Around us, people mingled and posed and photographed the sunset. Like a citrus smoothie, the white-yellow sun dipped into the sky, the reddish orange pinks melted into water–then a tap on the shoulder and a “hi, can you take a picture of us?”
I don’t blame her. Or the countless others with cameras aimed towards the sky (I was one. With three cameras) The view was breath-taking. And we were high up, too: on the drive, we’d looped up and around the rocky hills. It reminded me of California, with its steep roads and inclines.
So I’ll cut to the chase–let’s just say we found ourselves at the crowded sweltering restaurant on a hill. To our right were fancy homes (and lucky homeowners). To our left, tourists and restaurant-goers and sight-seers. The place was packed, a hive of sweaty well-dressed vibes. We slipped into the bar for a fruity pink smoothie, then wandered around the three stories. Once it was dark, we speed-walked back to the parking garage hungry and exhilarated.
Instead of the single wall I imagined it to be, Graffiti Park turned out to be a colorful mini mountain stacked with painted concrete slabs. Satirical paintings towered over layers of graffiti. Squiggled words littered the walls; empty spray bottles littered the ground. Around me, people posed for pictures and tagged their names. Artists hauled in ladder to work on their pieces. We watched an artist spray-shade in a lion’s mane with cyan colored paint.

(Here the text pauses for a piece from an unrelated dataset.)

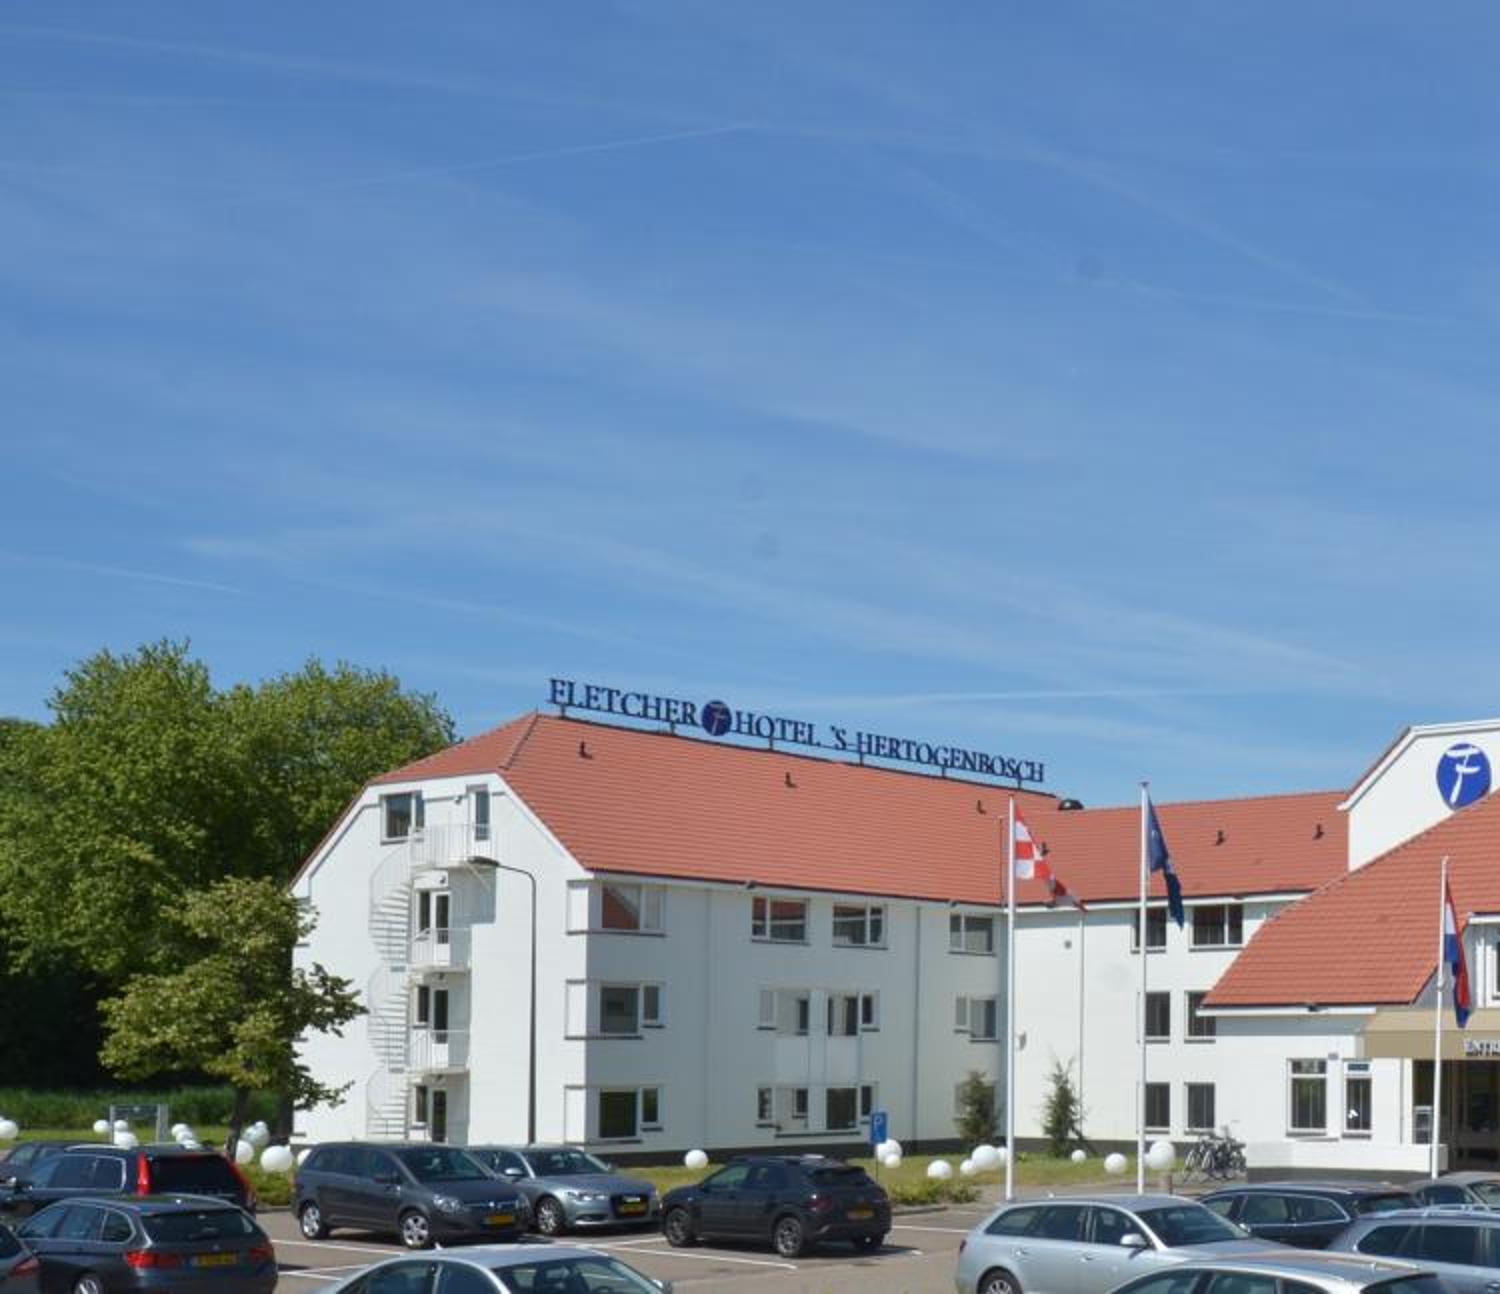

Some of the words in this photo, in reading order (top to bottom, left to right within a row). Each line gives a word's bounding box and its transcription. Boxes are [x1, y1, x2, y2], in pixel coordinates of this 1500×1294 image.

[549, 678, 699, 726] FLETCHER
[735, 709, 821, 746] HOTEL
[856, 731, 1045, 783] HERTOGENBOSCH

After grabbing our white spray paint, we hiked up the hill to find a place to paint. Most people were hiking up to the right. We were already on the left side and spotted a rundown path up the hill. I went first. I steadied myself on the rocks, occasionally gripped a branch, and we slowly made our way up the mountain. Terrain was rocky; the dirt was sometimes loose. We hopped onto a concrete slab mid-way from the top with view looking over the park, then shimmied our way onto yet another space. We tagged our names and I painted a face, disproportionate and bright, finishing the can before sunset.